Retype all the entries word for word, but omit the pictures.

Records for processing:
****************
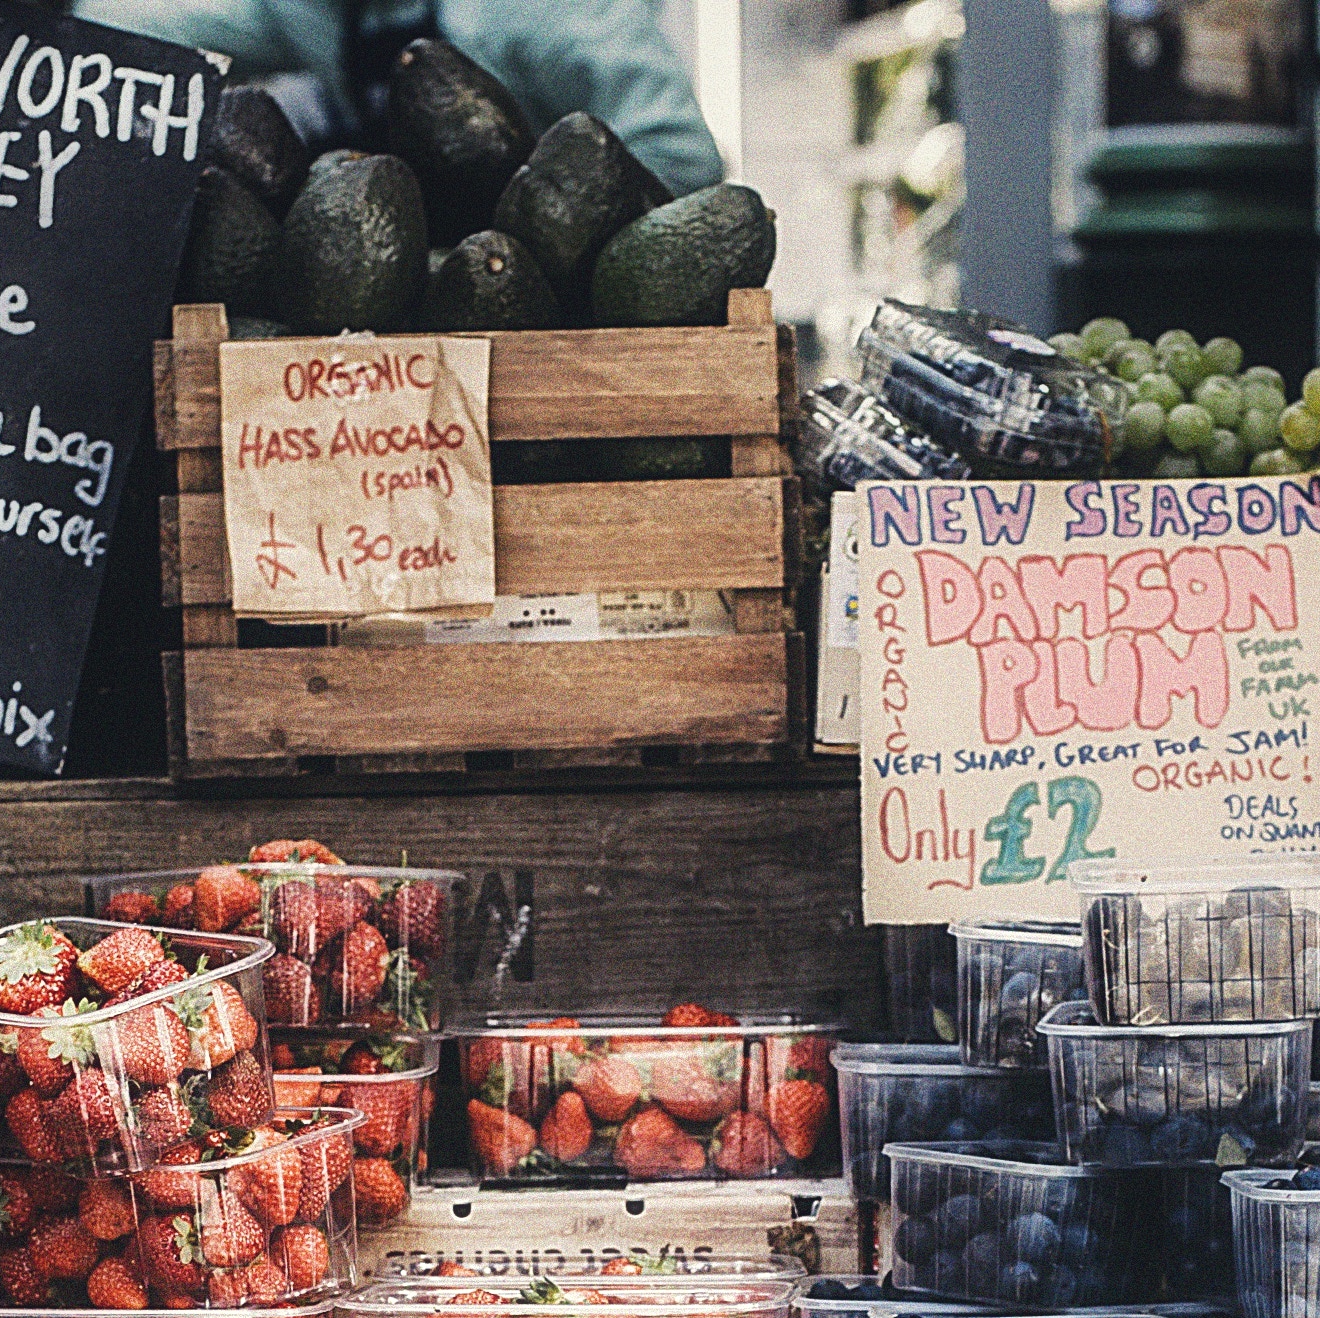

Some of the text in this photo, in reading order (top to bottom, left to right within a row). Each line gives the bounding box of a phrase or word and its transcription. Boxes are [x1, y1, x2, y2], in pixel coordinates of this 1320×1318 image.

[284, 353, 435, 401] ORGANIC
[24, 405, 114, 507] bag
[238, 418, 465, 470] HASS AVOCADO
[867, 483, 1036, 548] NEW
[915, 545, 1300, 647] DAMSON
[874, 570, 910, 754] ORGANIC
[1237, 638, 1303, 660] FROM
[978, 630, 1231, 745] PLUM
[1268, 696, 1310, 720] UK
[873, 752, 942, 779] VERY
[1054, 741, 1142, 769] GREAT
[1155, 735, 1210, 760] FOR
[1225, 720, 1309, 755] JAM!
[878, 775, 1117, 892] Only £2
[1221, 822, 1254, 840] ON
[1224, 794, 1299, 820] DEALS
****************
Result of the exercise:
Some of the text in this photo, in reading order (top to bottom, left to right within a row). Each line gives the bounding box of a phrase or word and its transcription. Boxes are [x1, y1, x2, y2], in pixel coordinates of this 1320×1318 image.

[284, 353, 435, 401] ORGANIC
[24, 405, 114, 507] bag
[238, 418, 465, 470] HASS AVOCADO
[867, 483, 1036, 548] NEW
[915, 545, 1300, 647] DAMSON
[874, 570, 910, 754] ORGANIC
[1237, 638, 1303, 660] FROM
[978, 630, 1231, 745] PLUM
[1268, 696, 1310, 720] UK
[873, 752, 942, 779] VERY
[1054, 741, 1142, 769] GREAT
[1155, 735, 1210, 760] FOR
[1225, 720, 1309, 755] JAM!
[878, 775, 1117, 892] Only £2
[1221, 822, 1254, 840] ON
[1224, 794, 1299, 820] DEALS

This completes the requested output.